If you are involved in a case and the third party (the person suing you) makes a reasonable demand that the case be settled within the limits of your policy, your insurance company must either honor that demand (pay it) or else bear the risk that the judgment will exceed the policy limits. Because California law requires insurance companies to act in good faith to settle disputes within policy limits, the loss of a suit at trial in an amount greater than the policy limit places the insurer at risk of having to pay the additional amount. In practice, excess judgments are often resolved by (1) the insured assigning their right to pursue the insurance company to the claimant, or (2) the insured hiring an attorney to pursue a bad faith suit against their insurance company.

Is insurance coverage discoverable – can the other side get my insurance information?
It depends. In fact, many states expressly state that a party’s insurance information is discoverable because it helps people to evaluate a claim and a party’s ability to respond should there be an adverse judgment. Bear in mind that discovering insurance information is totally distinct from discovering a party’s wealth. Insurance is different because is it a contract specifically set up to administer and deal with litigated claims, and the legislatures and courts in many states have determined that open communication about insurance relationships is in the public’s best interest because it leads to fair settlements of disputed claims.

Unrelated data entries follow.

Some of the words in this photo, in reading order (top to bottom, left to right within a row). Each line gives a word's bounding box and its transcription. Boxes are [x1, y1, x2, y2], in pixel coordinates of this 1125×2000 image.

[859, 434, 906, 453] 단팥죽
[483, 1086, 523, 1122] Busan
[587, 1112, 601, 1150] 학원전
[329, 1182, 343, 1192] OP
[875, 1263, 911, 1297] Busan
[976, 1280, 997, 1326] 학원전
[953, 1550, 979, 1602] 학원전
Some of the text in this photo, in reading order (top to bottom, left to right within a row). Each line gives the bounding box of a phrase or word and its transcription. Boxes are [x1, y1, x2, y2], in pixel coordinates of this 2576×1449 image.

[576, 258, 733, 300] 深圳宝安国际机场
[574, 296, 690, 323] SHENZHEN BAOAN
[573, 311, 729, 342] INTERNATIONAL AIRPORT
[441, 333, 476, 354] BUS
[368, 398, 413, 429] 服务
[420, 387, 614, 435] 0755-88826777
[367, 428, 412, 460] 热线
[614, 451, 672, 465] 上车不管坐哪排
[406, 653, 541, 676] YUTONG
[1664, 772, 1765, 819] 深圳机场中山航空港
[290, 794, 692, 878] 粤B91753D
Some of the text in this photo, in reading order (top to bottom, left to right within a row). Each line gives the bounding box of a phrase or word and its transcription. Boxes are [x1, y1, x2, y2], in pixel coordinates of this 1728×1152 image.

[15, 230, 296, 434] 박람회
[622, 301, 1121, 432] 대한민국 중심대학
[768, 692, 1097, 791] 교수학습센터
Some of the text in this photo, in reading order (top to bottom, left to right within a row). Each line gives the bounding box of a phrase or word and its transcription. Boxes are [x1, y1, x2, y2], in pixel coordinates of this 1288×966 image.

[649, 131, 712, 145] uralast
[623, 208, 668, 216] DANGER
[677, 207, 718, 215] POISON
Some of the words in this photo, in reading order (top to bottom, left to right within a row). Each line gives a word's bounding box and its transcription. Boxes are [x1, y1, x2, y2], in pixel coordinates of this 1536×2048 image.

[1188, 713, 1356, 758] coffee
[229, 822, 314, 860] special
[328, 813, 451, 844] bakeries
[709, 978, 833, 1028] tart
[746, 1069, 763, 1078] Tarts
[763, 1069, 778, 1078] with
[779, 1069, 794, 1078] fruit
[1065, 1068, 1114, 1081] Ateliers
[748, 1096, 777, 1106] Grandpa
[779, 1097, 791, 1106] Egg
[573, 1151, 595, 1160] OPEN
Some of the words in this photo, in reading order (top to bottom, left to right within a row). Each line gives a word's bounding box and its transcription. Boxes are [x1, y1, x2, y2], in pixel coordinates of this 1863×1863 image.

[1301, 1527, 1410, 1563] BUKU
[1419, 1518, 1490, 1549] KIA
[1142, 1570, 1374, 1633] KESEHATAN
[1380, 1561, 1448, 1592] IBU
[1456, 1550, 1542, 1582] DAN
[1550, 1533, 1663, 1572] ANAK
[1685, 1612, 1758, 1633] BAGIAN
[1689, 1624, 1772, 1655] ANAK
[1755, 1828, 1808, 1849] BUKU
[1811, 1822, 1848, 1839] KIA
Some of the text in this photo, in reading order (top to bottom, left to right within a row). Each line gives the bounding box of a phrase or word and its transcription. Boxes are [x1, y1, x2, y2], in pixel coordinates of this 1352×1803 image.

In California, Section 2017.210 of the Code of Civil Procedure specifically authorizes the discovery of insurance information as a matter of right in litigation. Subsection 210 says that a party is entitled to discover the “existence and contents of any agreement under which any insurance carrier may be liable to satisfy in whole or in part a judgment that may be entered in the action or to indemnify or reimburse for payments made to satisfy the judgment.”